A simple way of life is preserved at Anafi, which is much calmer than neighbouring Santorini, and offers much better beaches overall. Unexplored caves, hiking paths and medicinal herbs are part of Anafi’s offerings, so are intriguing architecture and a variety of archaeological discoveries. Of particular splendour are the wildflowers in spring with the smell of sage and thyme in the air, in true Mediterranean style.
The Hora or capital of Anafi is its sole town with less than 300 inhabitants, built on the ruins of a Venetian castle some 3 kilometres away from the harbour.
Designated 'places of communal importance' under Natura 2000 include the regions of Rouounas and Kalamos. The latter boasts the largest monolith in the Mediterranean after the rock of Gibraltar.
The town’s most noteworthy churches are Agios Nikolaos with a wooden carved iconostasis, the Timios Stavros with an icon of 10th century, the Koimisi of Panagia, the Agios Spiridon and the Agioi Anargyroi.

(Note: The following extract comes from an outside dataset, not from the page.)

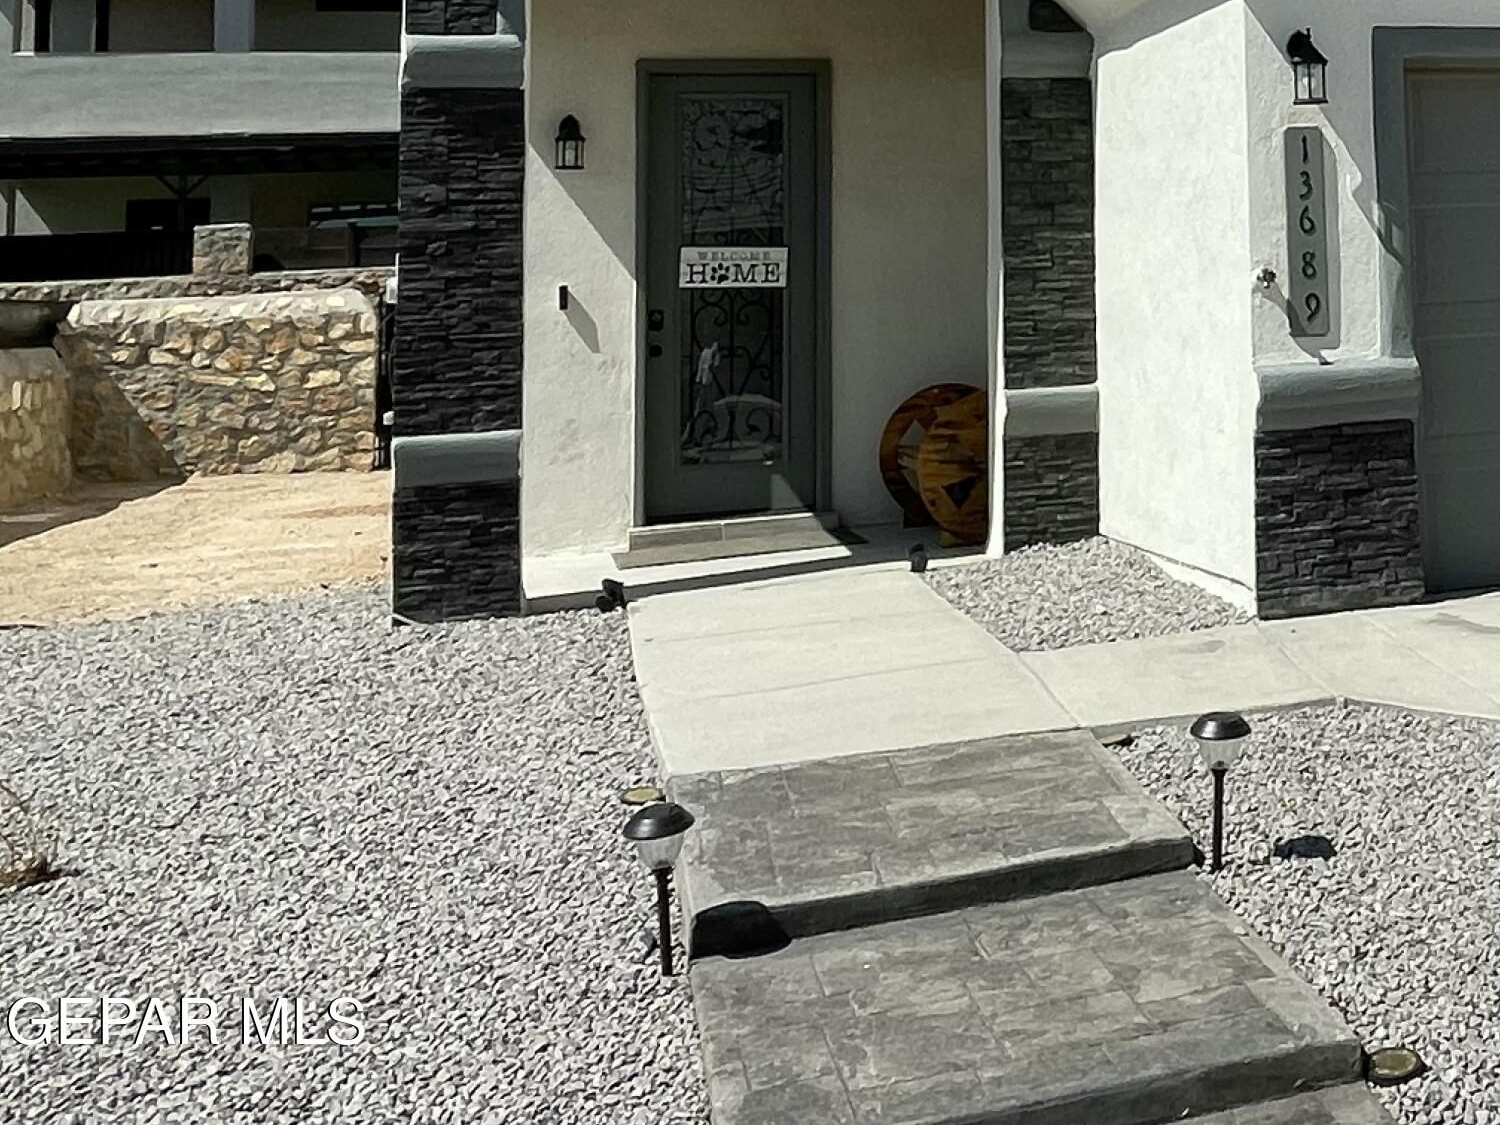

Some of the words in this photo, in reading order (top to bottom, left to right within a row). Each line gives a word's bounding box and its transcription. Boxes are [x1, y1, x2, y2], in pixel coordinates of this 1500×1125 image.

[1299, 134, 1321, 323] 13689
[698, 251, 771, 261] WELCOME
[685, 262, 780, 284] HME

The Monastery of Panagia Kalamiotissa (1887) with the church of Zoodochos Pigi, is built on the ruins of the ancient temple of Apollo on the mountain Kalamos, and where a medieval observatory once stood. The inside features a beautifully painted and wood carved iconostasis from the 19th century, as well as the noteworthy icon of Kalamiotissa, decorated in silver.
The monastery offers rooms to visitors and displays various holy heirlooms. Pilgrims come with fishing boats on the 8th of September for a large festival under the sounds of bag pipes, clarinet, violin, lute, song and dance. The view from the monastery is quite impressive.

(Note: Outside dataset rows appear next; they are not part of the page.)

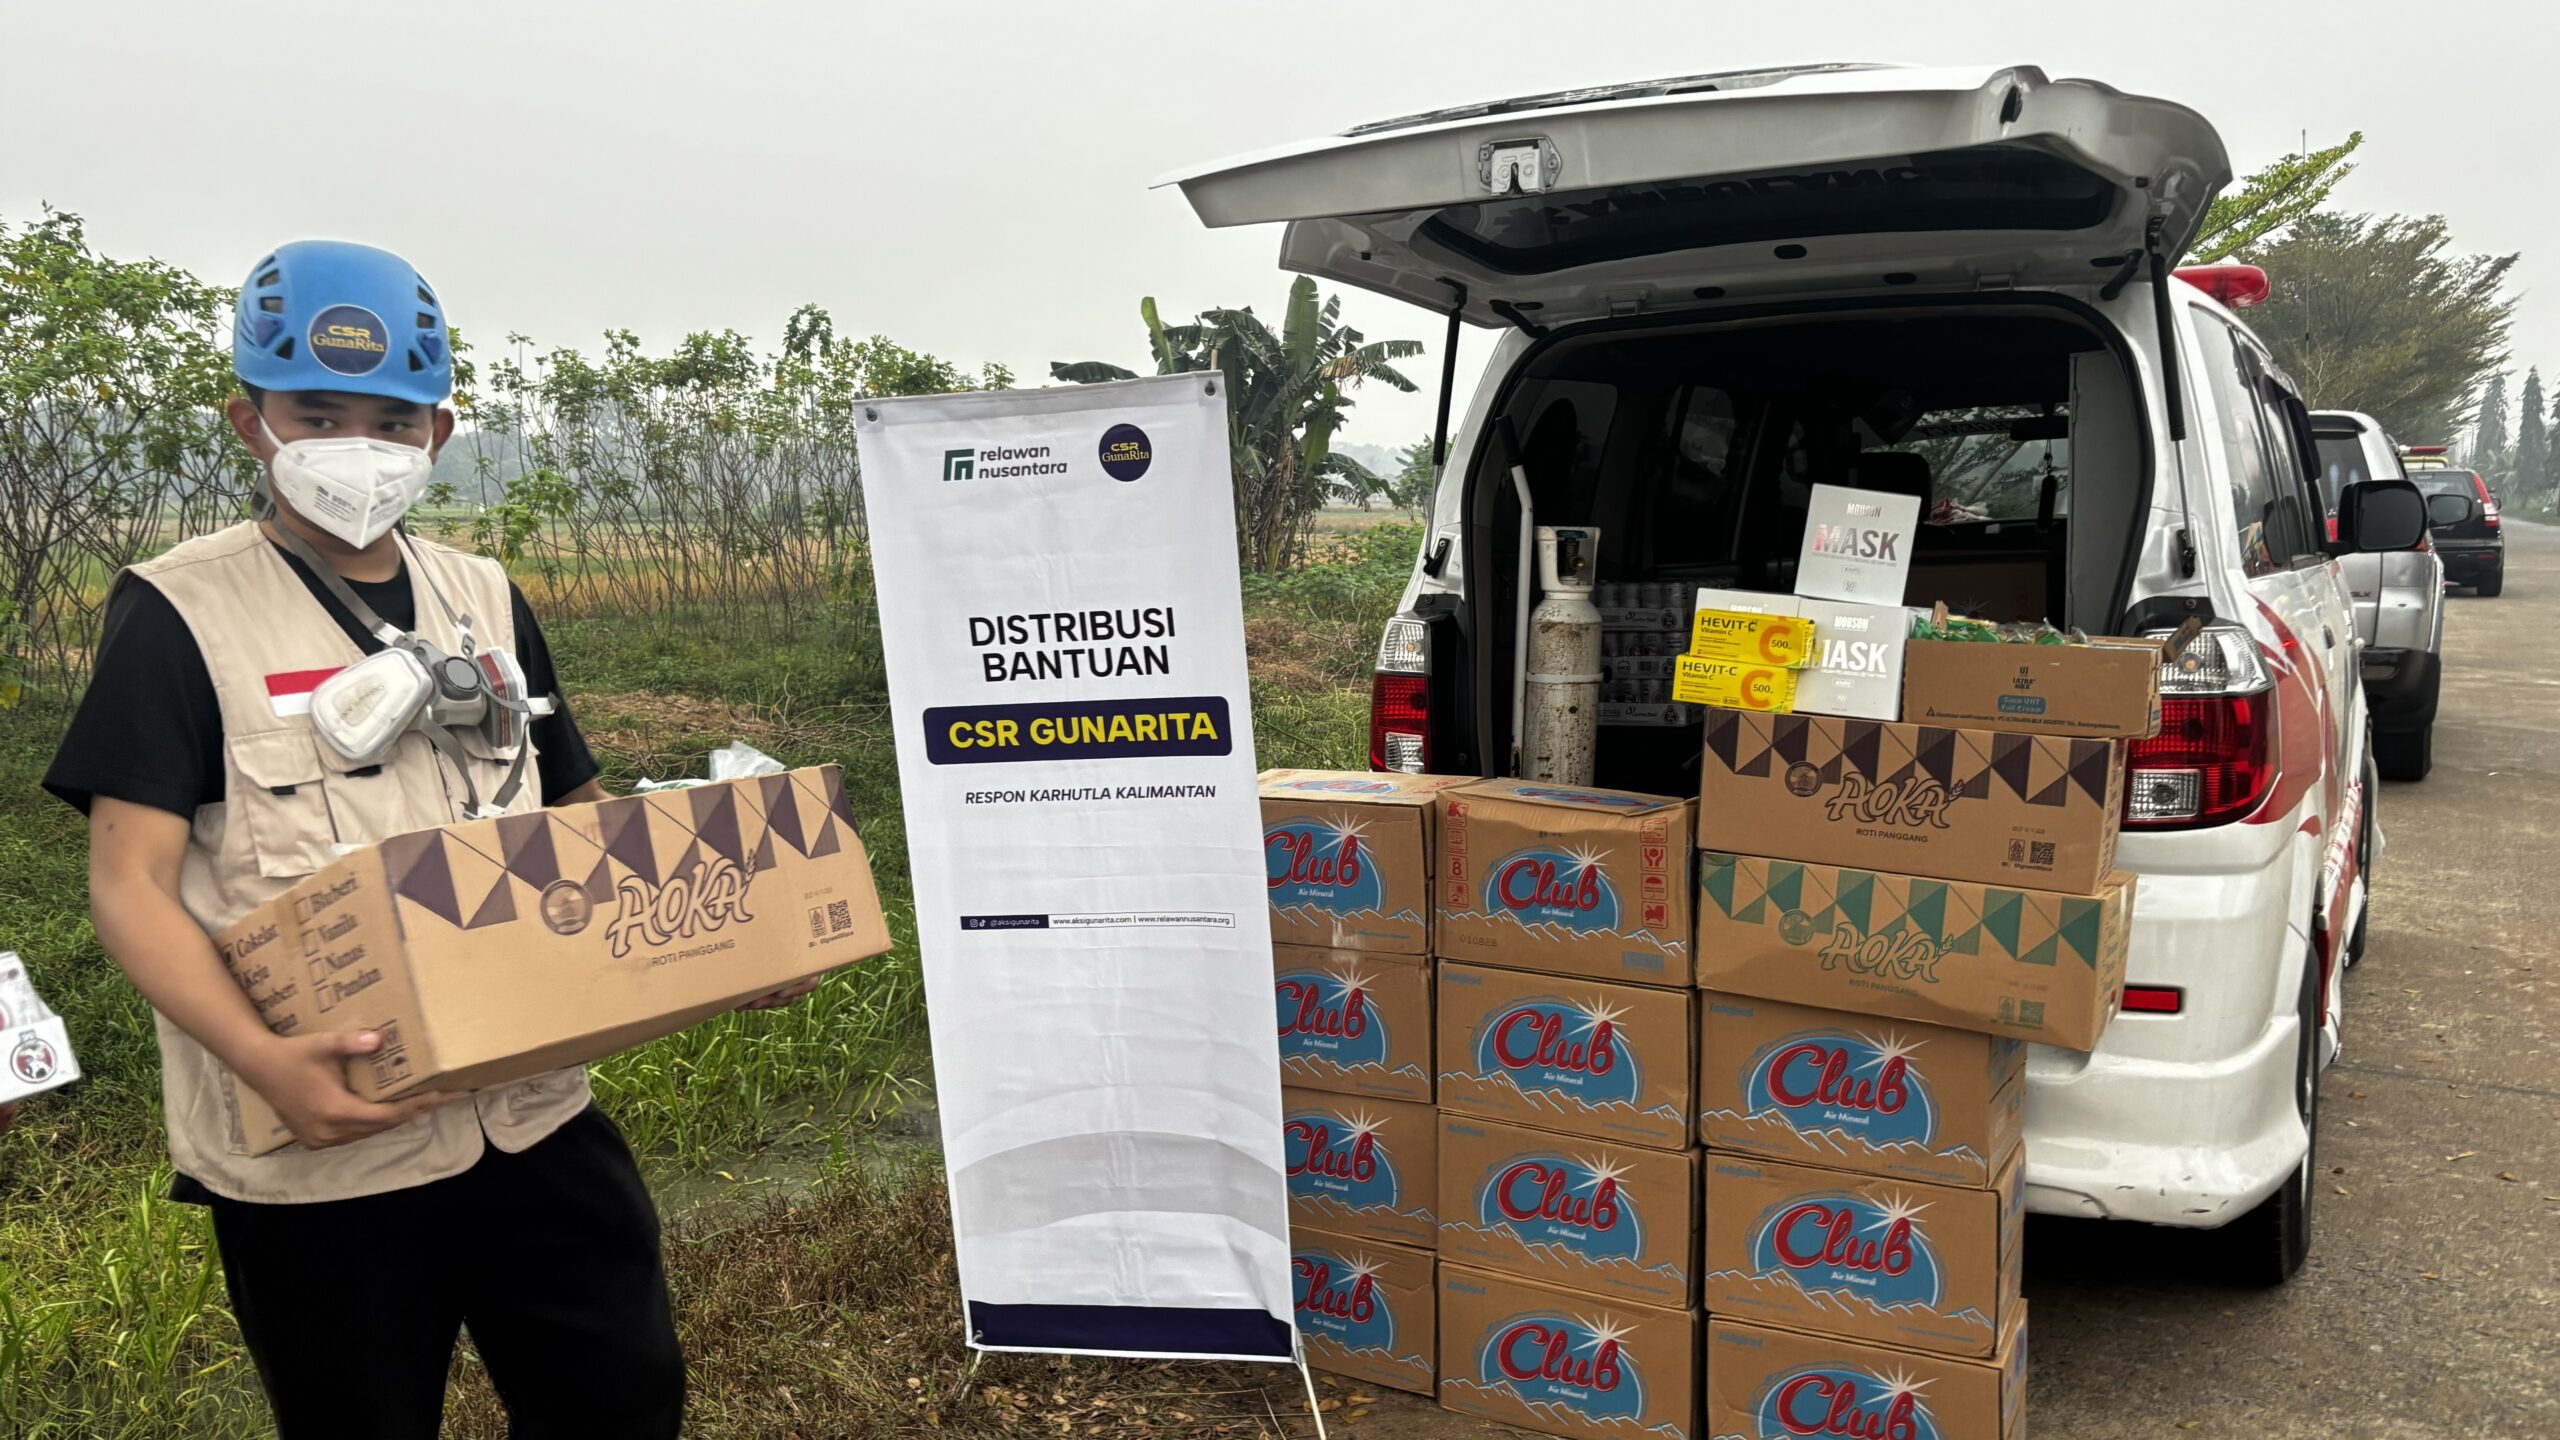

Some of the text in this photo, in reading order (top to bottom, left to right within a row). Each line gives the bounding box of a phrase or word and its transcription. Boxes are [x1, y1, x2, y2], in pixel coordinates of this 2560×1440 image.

[327, 325, 370, 338] CSR
[312, 335, 385, 353] GunaRita
[980, 445, 1050, 462] relawan
[1102, 449, 1150, 462] GunaRita
[1111, 442, 1139, 452] CSR
[979, 460, 1068, 480] nusantara
[1814, 524, 1900, 561] MASK
[968, 607, 1176, 646] DISTRIBUSI
[1701, 616, 1758, 632] HEVIT-C
[1701, 627, 1726, 635] Vitamin
[1771, 640, 1789, 649] 500
[982, 645, 1170, 682] BANTUAN
[1682, 661, 1739, 677] HEVIT-C
[1682, 672, 1707, 680] Vitamin
[1753, 684, 1770, 693] 500
[948, 712, 1218, 749] CSR GUNARITA
[965, 785, 1216, 804] RESPON KARHUTLA KALIMANTAN
[1825, 771, 1951, 829] AOKA
[1856, 828, 1928, 843] ROTI PANGGANG
[1298, 888, 1334, 898] Air Mineral
[1498, 858, 1600, 911] Club
[605, 857, 754, 959] AOKA
[1053, 916, 1132, 926] www.aksigunarita.com
[1137, 915, 1230, 926] www.relawannusantara.org
[651, 939, 736, 968] ROTI PANGGANG
[1819, 921, 1941, 984] AOKA
[1849, 978, 1919, 997] ROTI PANGGANG
[1303, 1038, 1339, 1050] Air Mineral
[1493, 1008, 1615, 1076] Club
[1543, 1072, 1584, 1086] Air Mineral
[1767, 1044, 1906, 1114] Club
[1824, 1110, 1870, 1125] Air Mineral
[1313, 1179, 1349, 1192] Air Mineral
[1497, 1162, 1618, 1232] Club
[1547, 1226, 1587, 1241] Air Mineral
[1772, 1204, 1912, 1277] Club
[1830, 1271, 1876, 1286] Air Mineral
[1497, 1323, 1620, 1392] Club
[1548, 1385, 1588, 1400] Air Mineral
[1776, 1374, 1917, 1440] Club

The Archaeological Collection of Anafi includes statues and other very interesting discoveries from excavations on the island, now displayed in the main town. The Kastelli hill on which the ancient city was located extends to an altitude of 327 metres. Ruins of the Anafian city-state called Asty can be seen there. The city was probably established in the 8th century BC by Dorian colonists, who dominated island life until the end of antiquity.

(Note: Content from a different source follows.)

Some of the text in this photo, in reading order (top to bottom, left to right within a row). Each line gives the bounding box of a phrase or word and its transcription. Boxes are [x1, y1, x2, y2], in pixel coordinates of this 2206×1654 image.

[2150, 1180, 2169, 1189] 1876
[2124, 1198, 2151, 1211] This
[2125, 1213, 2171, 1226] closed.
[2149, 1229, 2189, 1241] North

The city walls and many ruins of the city's cemetery are also at Kastelli, sor are important finds from the Roman period, during which the island flourished, are scattered throughout the area; one particularly impressive finding is the sarcophagus located next to the historic chapel of Panagia in Dokari
Kalamos is arguably the most exciting location of the island. With a height of 460 meters, the Kalamos monolith is considered the second largest in the Mediterranean after the rock of Gibraltar. Kalamos constitutes a challenge for climbers. The first climbing route in Anafi was opened in 1999 and was named the Argonaut Expedition. About 5-7 hours are needed for the ascent to the top where the visitor remains speechless from the view of the immense light blue. The descent is done from a well-designated path which passes by the monastery. Rent a boat from the harbour to for a quick 10-minute sail to get there.
The southern side is shady until noon while the northern and eastern ones afford shade in the afternoon. The best time for climbing is in spring from April to June and in autumn from September to November.
Kalamos mountain featured one of the first documented long distance communication through communication towers called Fryktories, dating from 900-1000 BC. The towers employed a combination of fire, smoke and sound to communicate with other islands.
Anafi produces a rare variety of wine called strofyliatiko. Sample the thyme honey made on the island, the tasty goat cheese and ladotyri yellow cheese, as well as the red mullet (petro-barbounia) and the original lobster pasta. You can also try the handmade sausages, from local pork meat infused with vinegar and spices, as well as the black bread, dry rusks, pickled caper leaves and stuffed vegetable yemista. On the sweeter side aim for the skaltsounia with sesame and honey, as well as the xerotigana (fried dough).
There are many unexplored caves on Anafi. The best known is Drakontospilo with a variety of colourful stalagmites and stalactites.